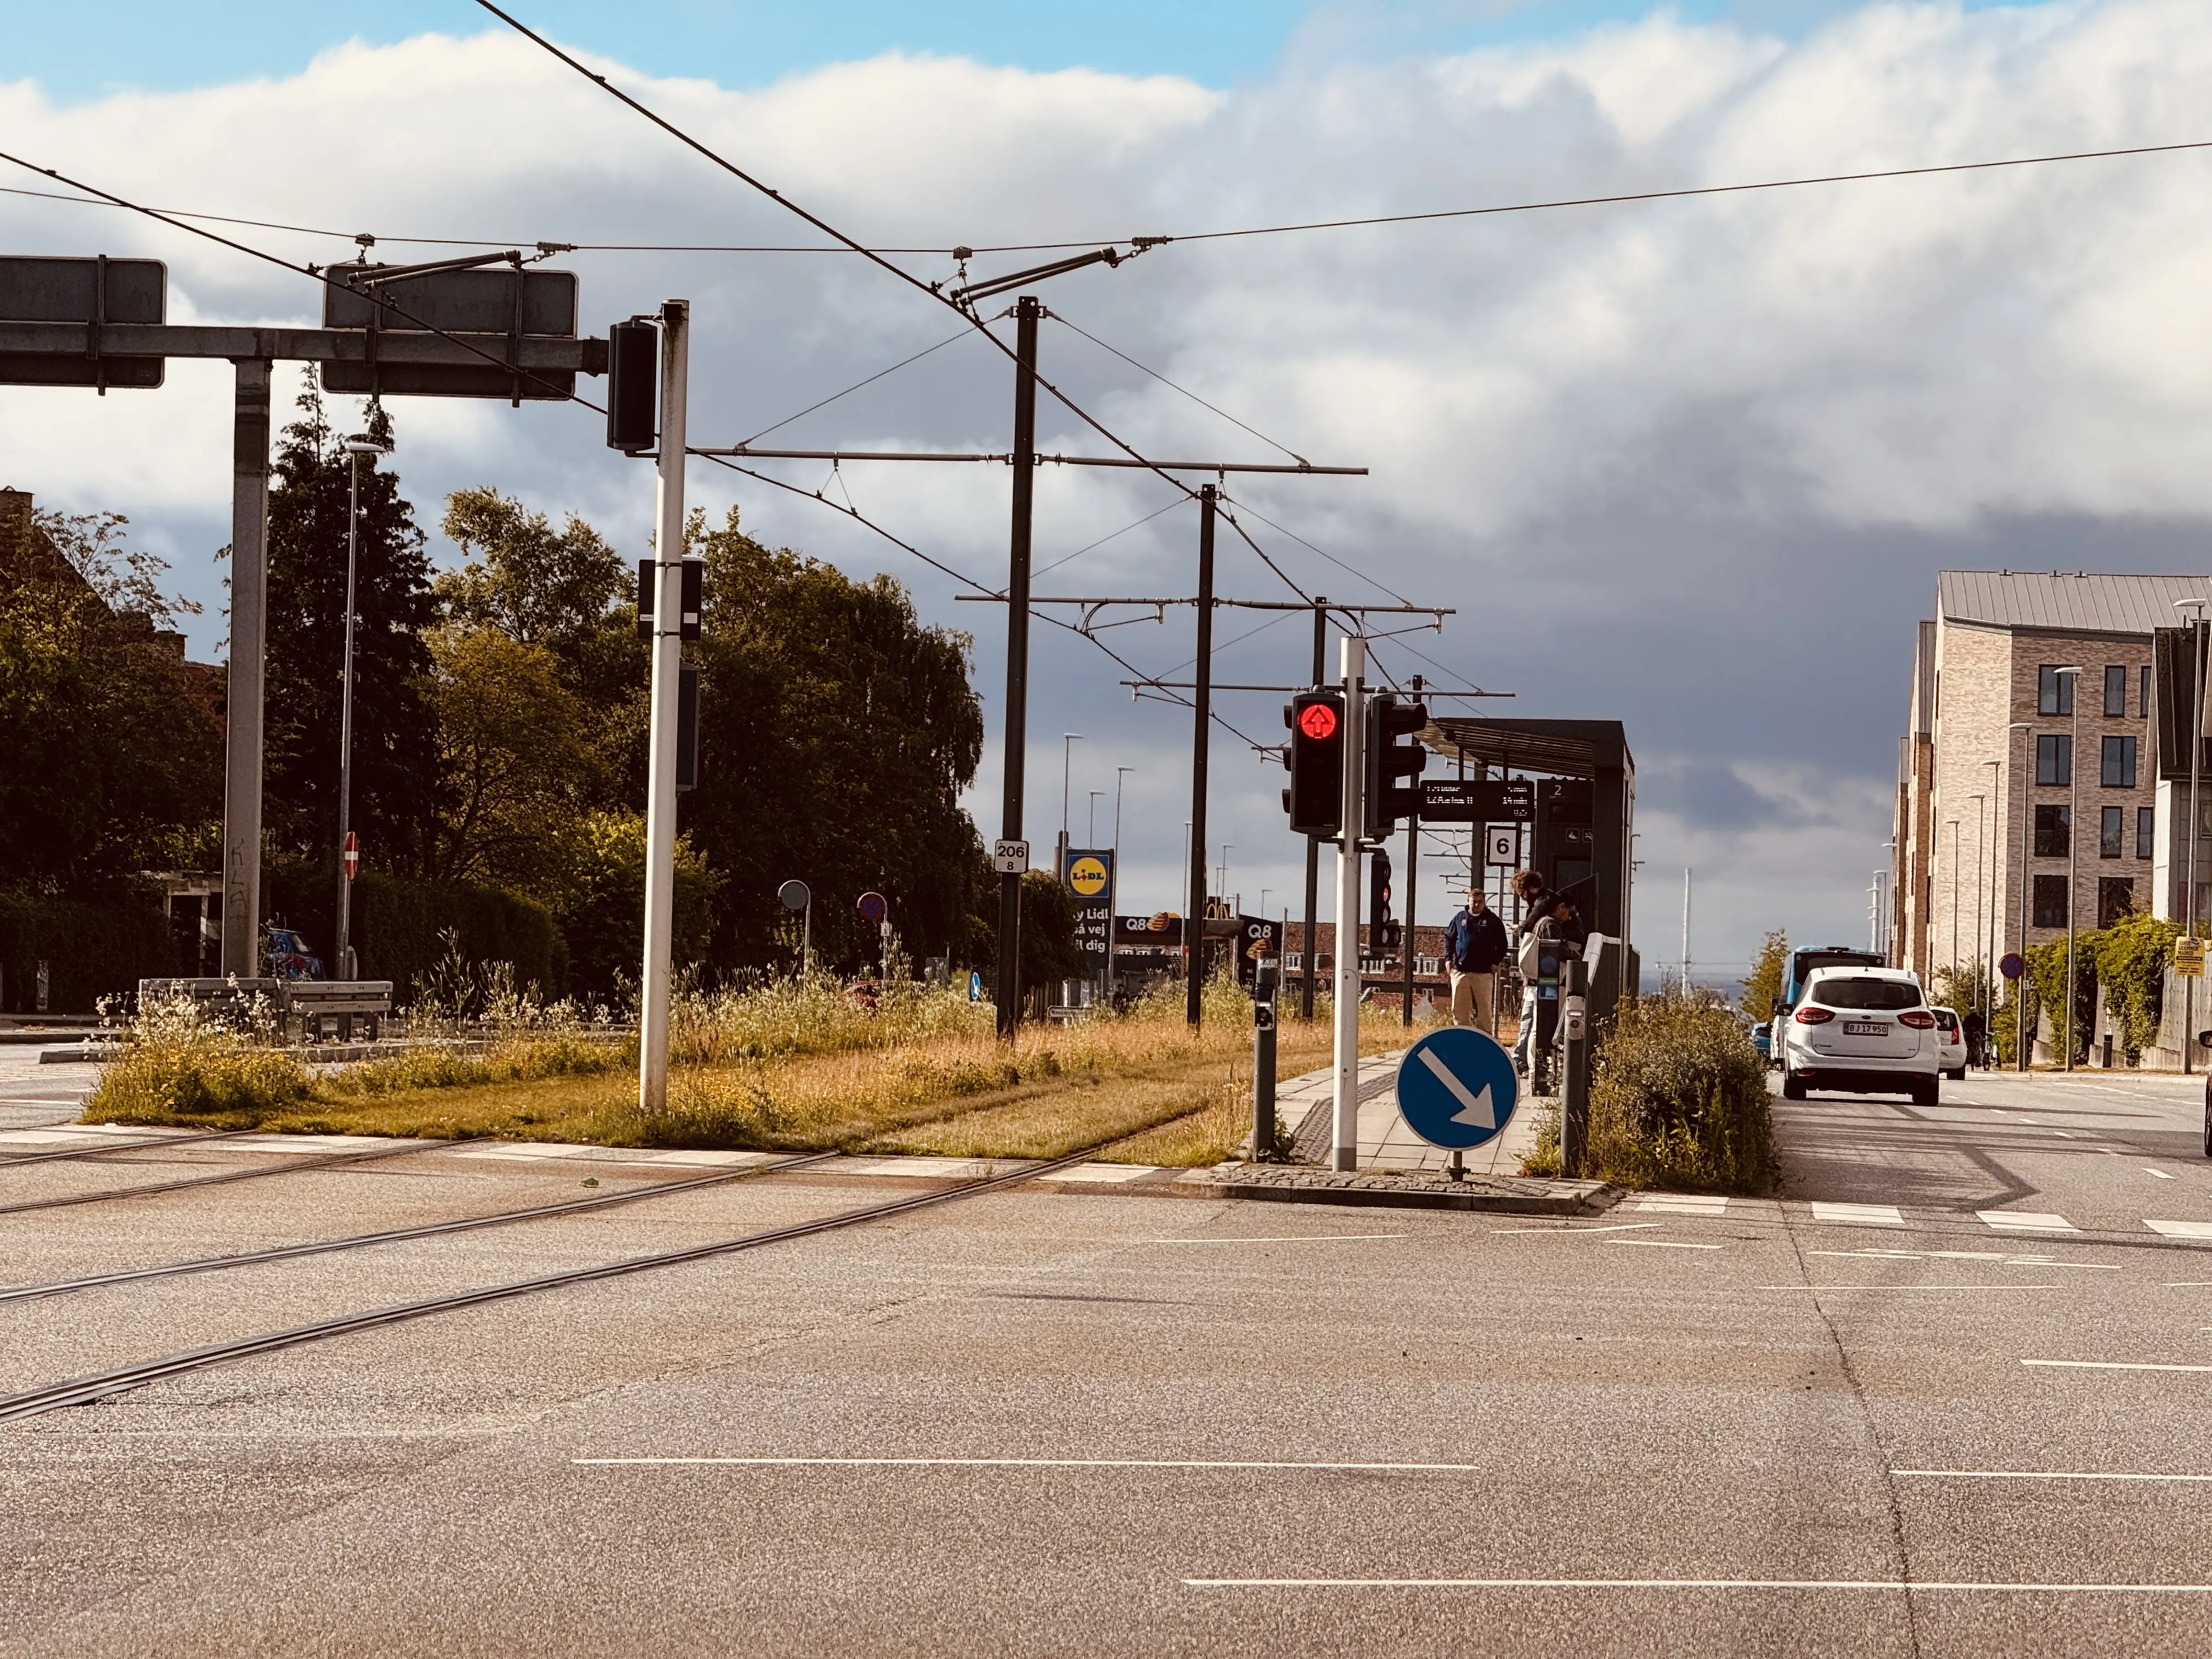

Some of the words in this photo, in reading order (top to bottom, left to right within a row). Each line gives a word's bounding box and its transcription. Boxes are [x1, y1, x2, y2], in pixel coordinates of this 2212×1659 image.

[1554, 785, 1562, 795] 2
[997, 845, 1024, 857] 206
[1497, 838, 1509, 854] 6
[1007, 861, 1014, 870] 8
[1073, 911, 1084, 922] y
[1087, 908, 1109, 919] Lidl
[1088, 923, 1105, 937] vej
[1126, 918, 1146, 931] Q8
[1248, 924, 1272, 939] Q8
[1086, 939, 1105, 953] dig
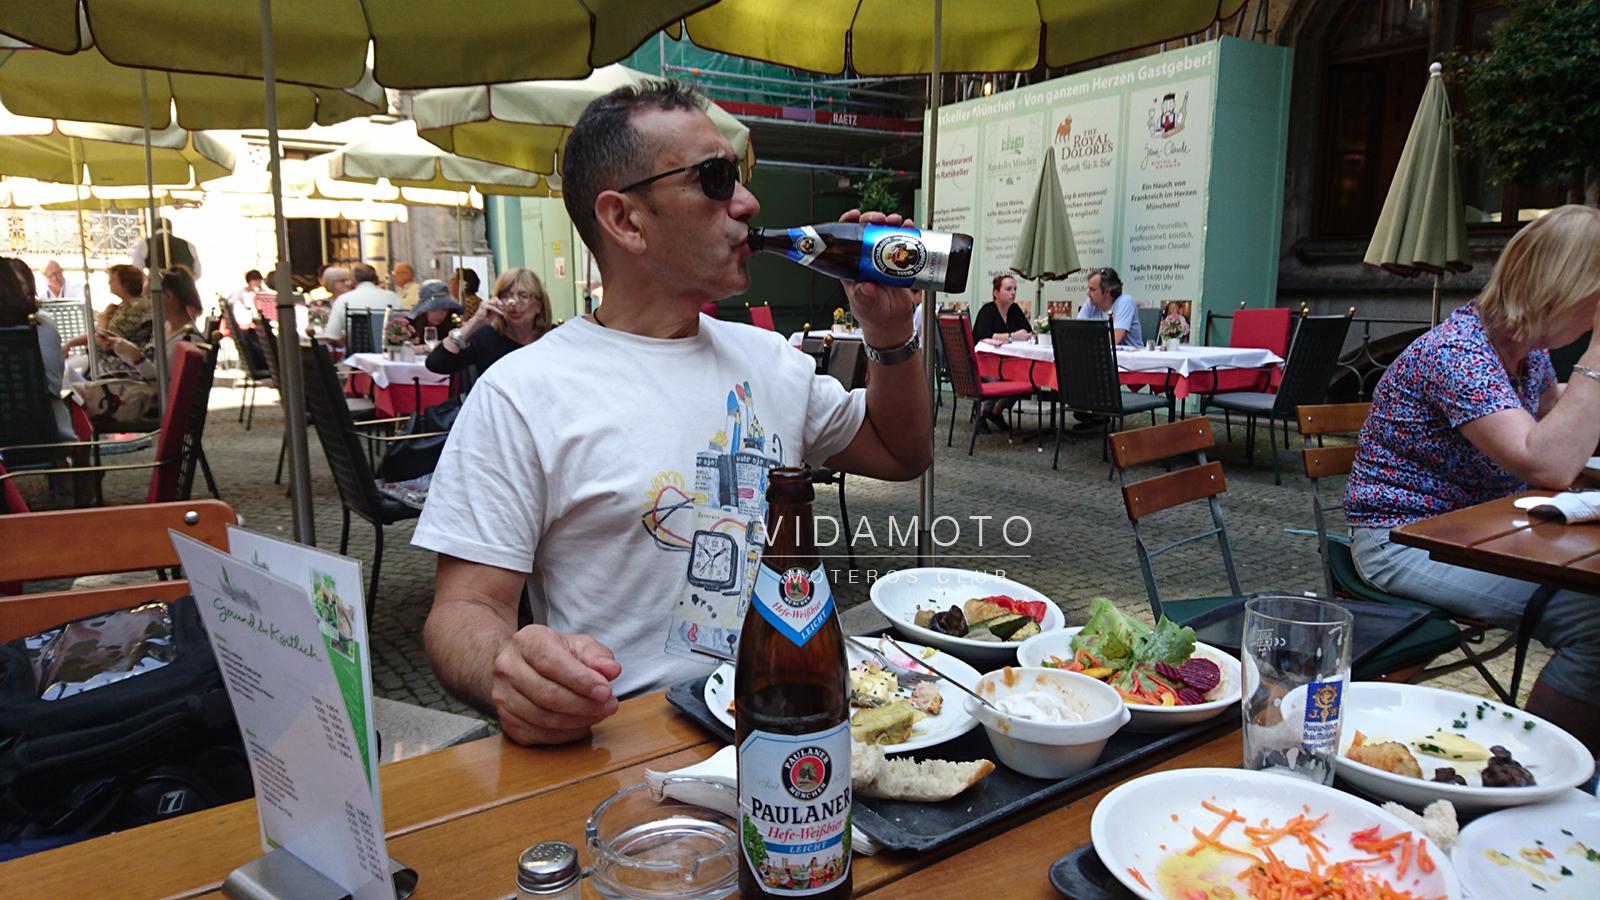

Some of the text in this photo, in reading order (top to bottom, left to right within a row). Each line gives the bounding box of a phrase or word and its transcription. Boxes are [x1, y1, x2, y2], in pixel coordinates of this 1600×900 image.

[972, 101, 1016, 117] München
[1024, 94, 1044, 106] Von
[1046, 82, 1089, 105] ganzem
[1092, 71, 1135, 91] Herzen
[1138, 51, 1212, 80] Gastgeber!
[832, 113, 858, 126] RAETZ
[1084, 128, 1097, 137] THE
[1074, 133, 1110, 148] ROYAL
[1061, 142, 1114, 160] DOLORES
[942, 155, 973, 167] Restaurant
[1153, 180, 1173, 189] Hauch
[1131, 191, 1163, 202] Frankreich
[1174, 190, 1197, 198] Herzen
[1145, 201, 1180, 210] Münchens!
[1130, 264, 1151, 273] Täglich
[1152, 264, 1173, 272] Happy
[772, 601, 822, 621] Hefe-Weißbier
[800, 609, 827, 640] LEICHT
[784, 747, 830, 770] PAULANER
[751, 786, 851, 825] PAULANER
[767, 818, 844, 843] Hefe-Weißbier
[788, 841, 828, 854] LEICHT
☆ ☆ ☆
- _Brief_: Please set down each line of the listing above word for word, skipping any pictures.

- _Exercise output_:
Some of the words in this photo, in reading order (top to bottom, left to right within a row). Each line gives a word's bounding box and its transcription. Boxes are [x1, y1, x2, y2], in pixel coordinates of this 2212×1659 image.

[1554, 785, 1562, 795] 2
[997, 845, 1024, 857] 206
[1497, 838, 1509, 854] 6
[1007, 861, 1014, 870] 8
[1073, 911, 1084, 922] y
[1087, 908, 1109, 919] Lidl
[1088, 923, 1105, 937] vej
[1126, 918, 1146, 931] Q8
[1248, 924, 1272, 939] Q8
[1086, 939, 1105, 953] dig

Some of the text in this photo, in reading order (top to bottom, left to right within a row). Each line gives the bounding box of a phrase or word and its transcription. Boxes are [x1, y1, x2, y2], in pixel coordinates of this 1600×900 image.

[972, 101, 1016, 117] München
[1024, 94, 1044, 106] Von
[1046, 82, 1089, 105] ganzem
[1092, 71, 1135, 91] Herzen
[1138, 51, 1212, 80] Gastgeber!
[832, 113, 858, 126] RAETZ
[1084, 128, 1097, 137] THE
[1074, 133, 1110, 148] ROYAL
[1061, 142, 1114, 160] DOLORES
[942, 155, 973, 167] Restaurant
[1153, 180, 1173, 189] Hauch
[1131, 191, 1163, 202] Frankreich
[1174, 190, 1197, 198] Herzen
[1145, 201, 1180, 210] Münchens!
[1130, 264, 1151, 273] Täglich
[1152, 264, 1173, 272] Happy
[772, 601, 822, 621] Hefe-Weißbier
[800, 609, 827, 640] LEICHT
[784, 747, 830, 770] PAULANER
[751, 786, 851, 825] PAULANER
[767, 818, 844, 843] Hefe-Weißbier
[788, 841, 828, 854] LEICHT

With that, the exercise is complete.